My husband is at the Conscious Capitalism CEO Summit in Austin while I was working in our hotel room when he texted me this link about a Southwest airlines pilot delaying a flight so that a grandfather could see his 3 year-old murdered grandson before they pulled the grandson off of life support. When he returned to the room he told me the back story that Colleen Barrett, President Emerita of Southwest, had told to the Conscious Capitalism audience:
“On stage were Blake Nordstrom of Nordstrom, Howard Behar of Starbucks, and Colleen Barrett of Southwest airlines, and they were talking about the importance of allowing employees to use their own judgments when taking care of customers rather than relying on bureaucratic procedure manuals. Walter Robb, co-CEO of Whole Foods, asked them if they had any story to illustrate the point. Colleen Barrett piped up, “I do.” She started by saying that at Southwest they pride themselves on on time departures, and that that was one of the most important rules they have.
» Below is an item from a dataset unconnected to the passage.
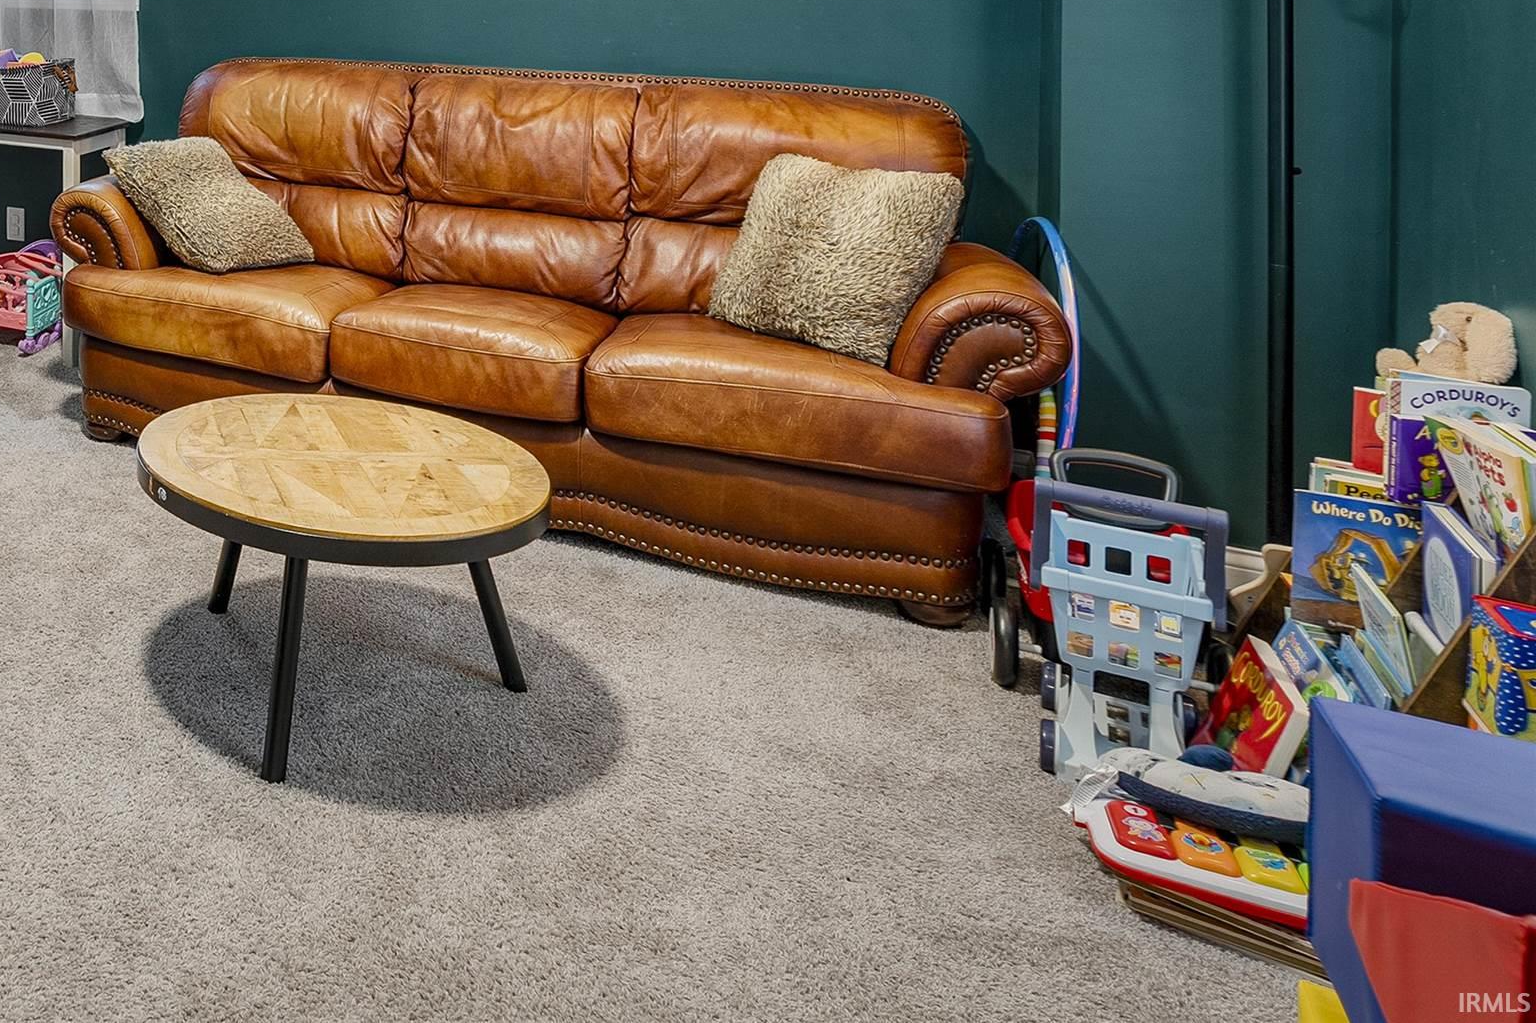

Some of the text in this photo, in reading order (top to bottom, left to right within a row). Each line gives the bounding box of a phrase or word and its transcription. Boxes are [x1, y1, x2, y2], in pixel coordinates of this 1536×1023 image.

She then went on to recite the story of this man whose grandson had been murdered while he was away on a business trip and the doctors wanted to take the boy off life support. He rushed to return home to see the boy and first called his wife to get him a ticket. It was less than an hour before flight time and TSA regulations prohibit airlines from selling ticket reservations less than an hour before flight time. But the Southwest employee told the man not to worry, she would have a ticket for him. So she purchased the ticket without a name in order to avoid violating the “no reservations an hour before flight time” rule and waited until the man got to the ticket counter to pick it up. Then she helped him work his way through security, while calling the Southwest employee at the gate. The Southwest employee at the gate told the pilot, who upon hearing the story went to the passengers on the plane and told them that he was holding the flight until the man arrived, and everyone applauded. The man finally arrived at the plane and got on, making the plane depart eighteen minutes late, allowing him to see his grandson one last time before they pulled the plug.
By this time Colleen and the whole audience was in tears. After she recovered, she said that six Southwest employees had violated rules in order to make this happen, and the entire company regarded them as heroes for doing so.”
Even as I am writing this story he told me, I am crying myself. There is nothing to add.